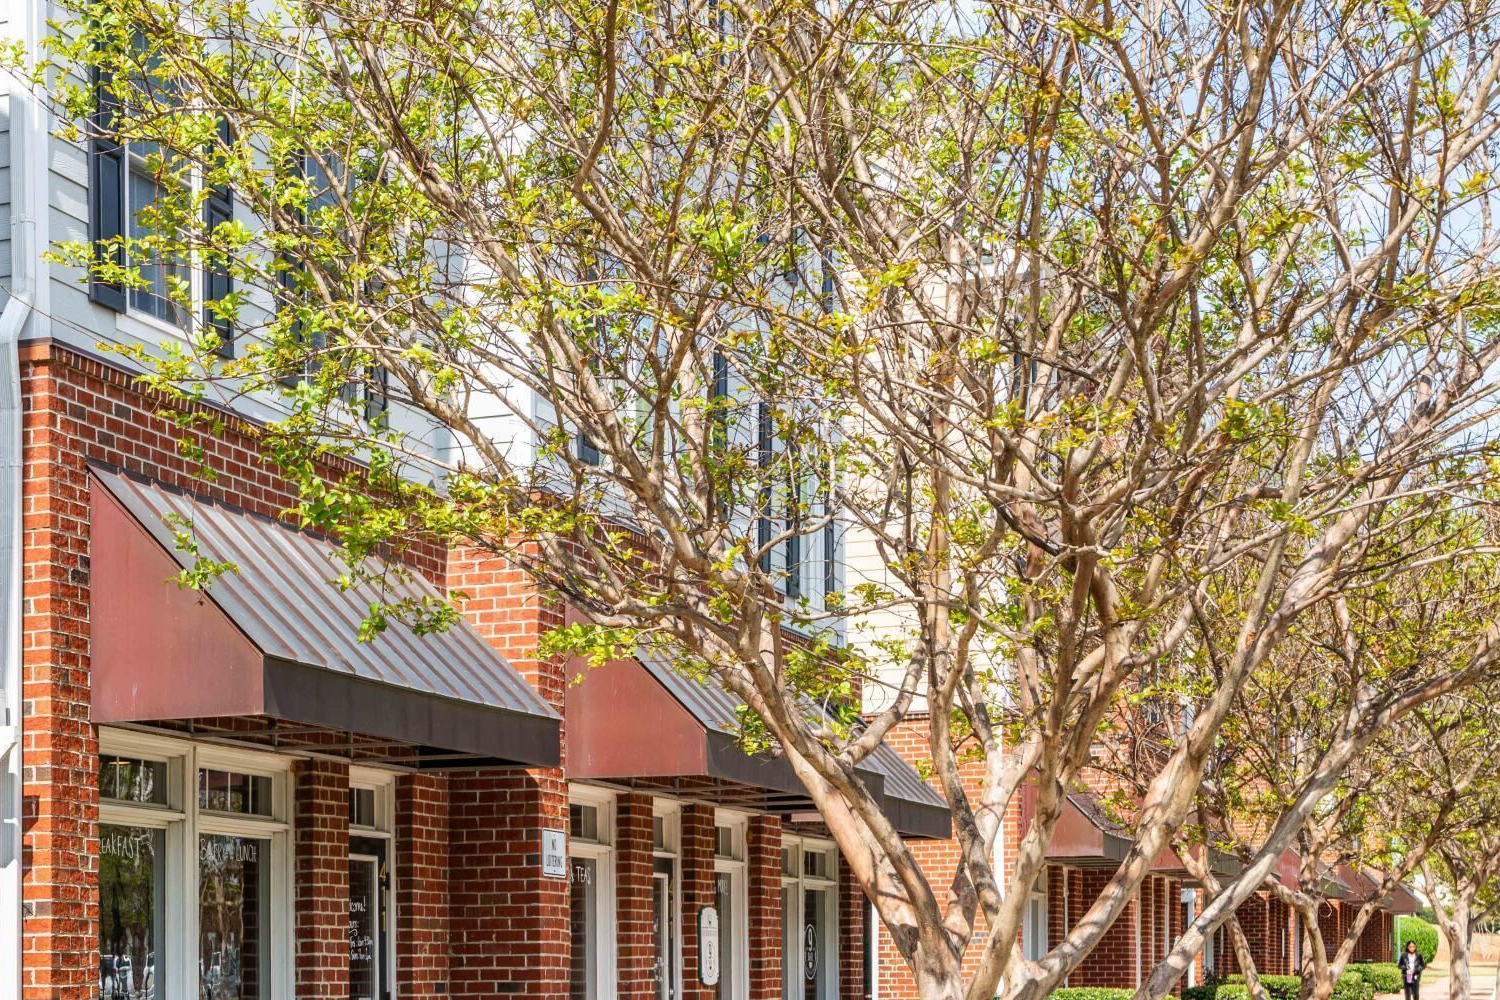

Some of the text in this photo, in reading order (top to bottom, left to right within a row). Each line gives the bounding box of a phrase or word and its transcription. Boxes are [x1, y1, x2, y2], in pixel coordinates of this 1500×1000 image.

[99, 832, 141, 859] EAKFAST
[235, 844, 257, 863] LUNCH
[576, 866, 591, 885] TEAS
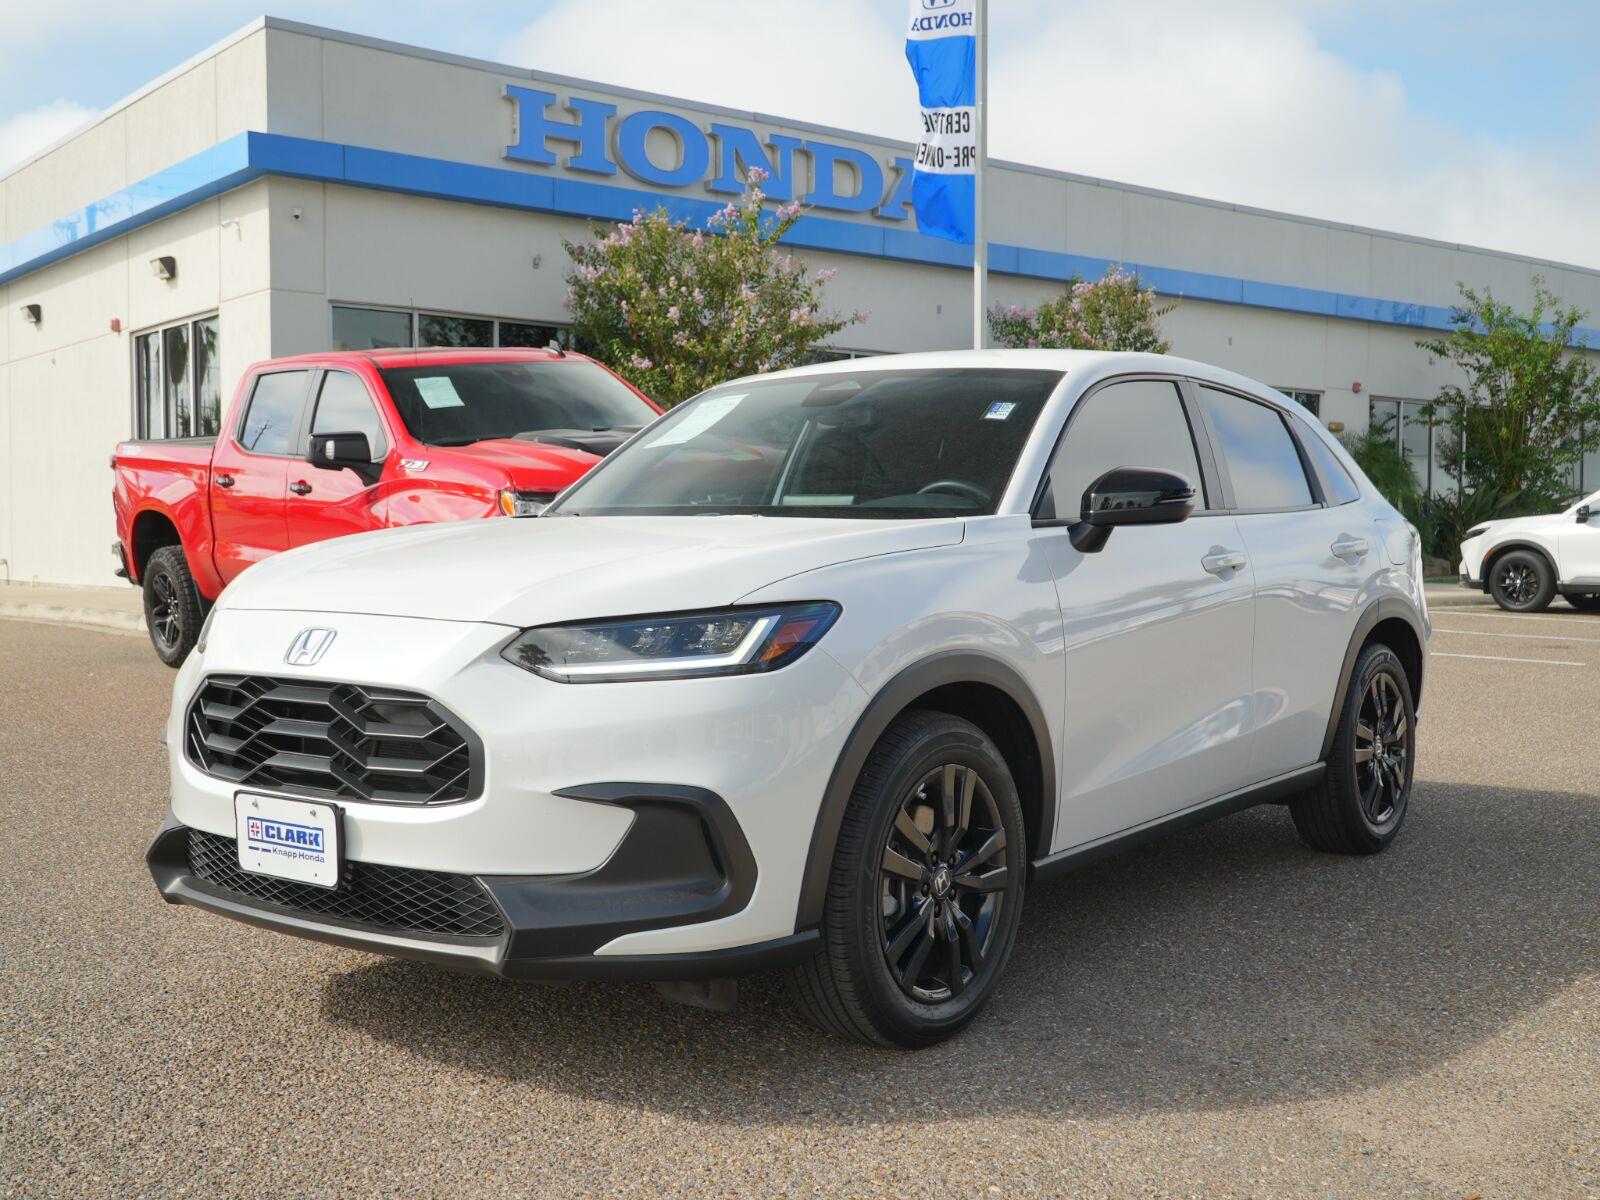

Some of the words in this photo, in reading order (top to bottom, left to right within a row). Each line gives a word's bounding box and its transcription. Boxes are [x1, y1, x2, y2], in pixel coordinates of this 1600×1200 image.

◆ ◆ ◆ ◆

* The problem *
Reprint the entries above exactly, images removed.

* Response to the exercise *
Some of the text in this photo, in reading order (top to bottom, left to right within a row). Each line gives the bounding box of a phrase or word and its transcription. Boxes are [x1, y1, x2, y2], in pixel coordinates of this 1500×1000 image.

[99, 832, 141, 859] EAKFAST
[235, 844, 257, 863] LUNCH
[576, 866, 591, 885] TEAS

Some of the words in this photo, in reading order (top to bottom, left to right within a row). Each line gives a word's bounding box and its transcription. Boxes are [x1, y1, x2, y2], in pixel coordinates of this 1600×1200 image.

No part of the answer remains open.